And now into the last half of the 2nd term LameDuck-In-Chief thinks he is especially off the hook.

So they can and they still do "refrain". Witness the whitewash policy already in place for the Navy port call spat over their Hong Kong visit.

I wish I could believe in the cloak-and-dagger hypothesis why we are refraining from Presidential acknowledgment of the issue. Supposedly keeping our counter-measures secret until essential need requires their exposure. But the implicit denial of the threat flies in the face of the very real damage and compromise routinely being inflicted against our cyber security.

Where the hell do they draw the line? And who says we should any longer trust their judgement? As the article says...it is all of our business...literally in the cyber-gun sights of these hacker teams. Our finances, everything. And nothing is done.

The White House is corrupt. It does not represent the America I grew up in. Clearly, on this issue, It does not represent the American People.

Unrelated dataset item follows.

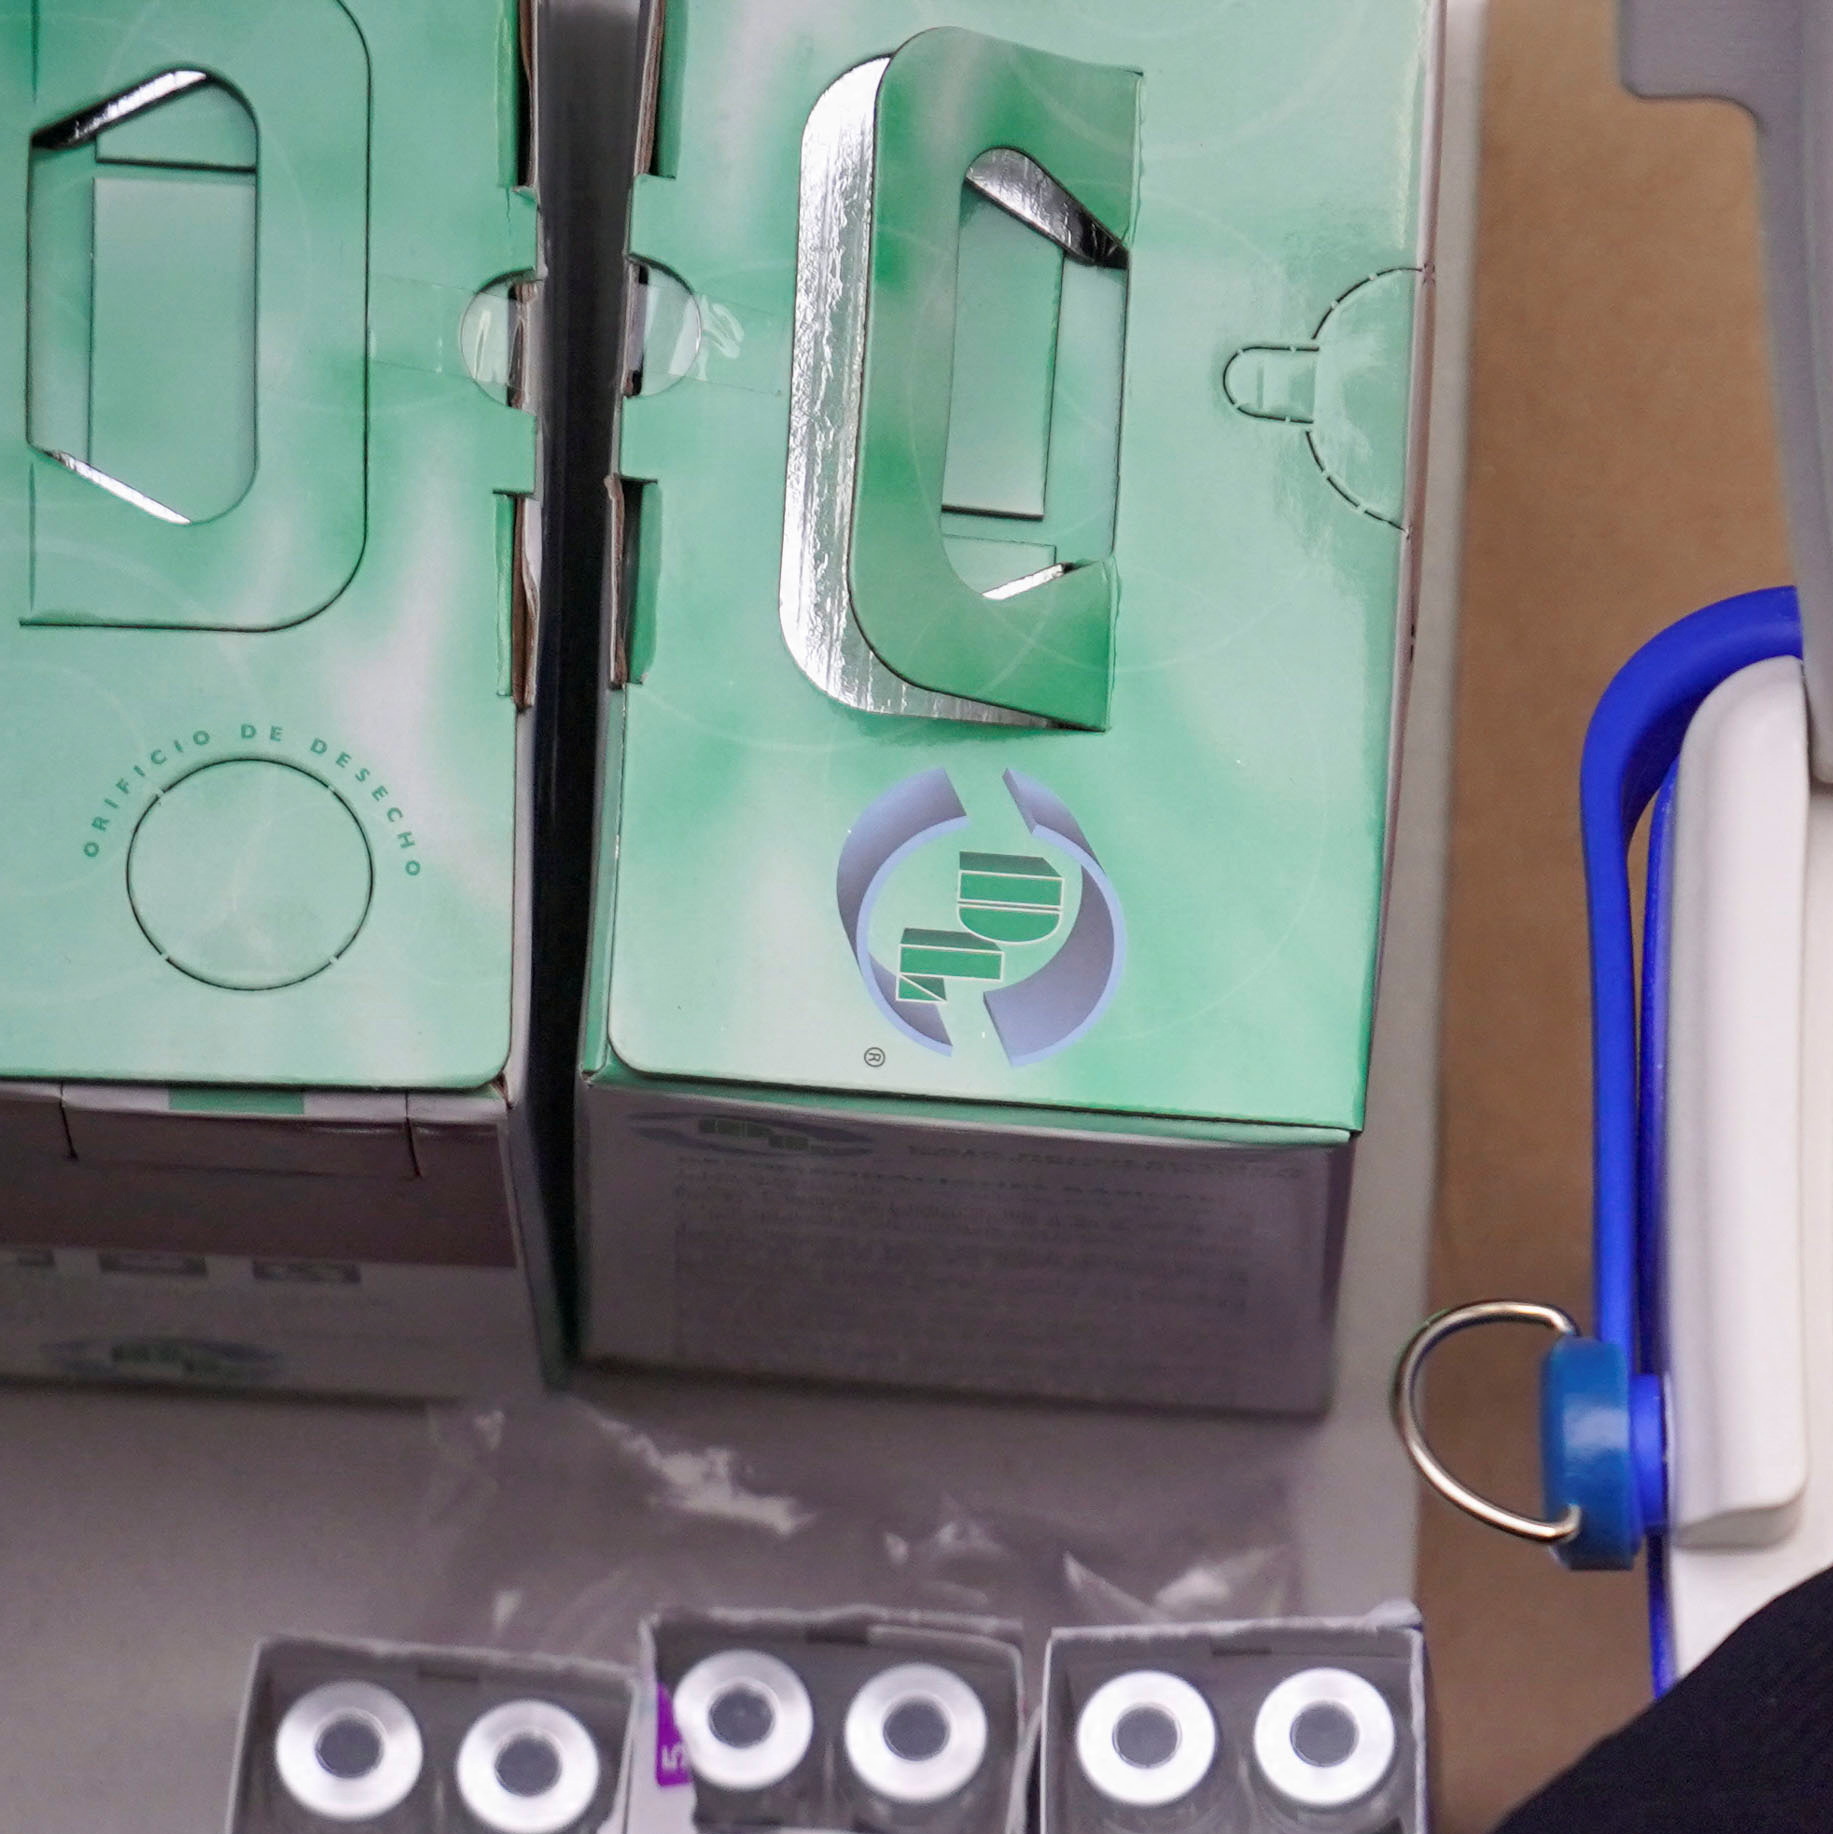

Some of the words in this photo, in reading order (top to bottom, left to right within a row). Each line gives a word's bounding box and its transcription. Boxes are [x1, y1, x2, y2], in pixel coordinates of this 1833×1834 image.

[83, 729, 210, 858] ORIFICIO
[240, 723, 284, 742] DE
[310, 737, 421, 877] DESECHO

And sadly, it is clear the administration intends to further endanger us for a pathetically few scheckels! Apparently it is in the works to override the NSA and DIA's objections at CFIUS to the Bain Capital's / Huaewai Technology's bid to buy up 3Com...our primary cyber security firm the U.S. government relies upon.

22 posted on 12/13/2007 11:22:55 AM PST by Paul Ross (Ronald Reagan-1987:"We are always willing to be trade partners but never trade patsies.")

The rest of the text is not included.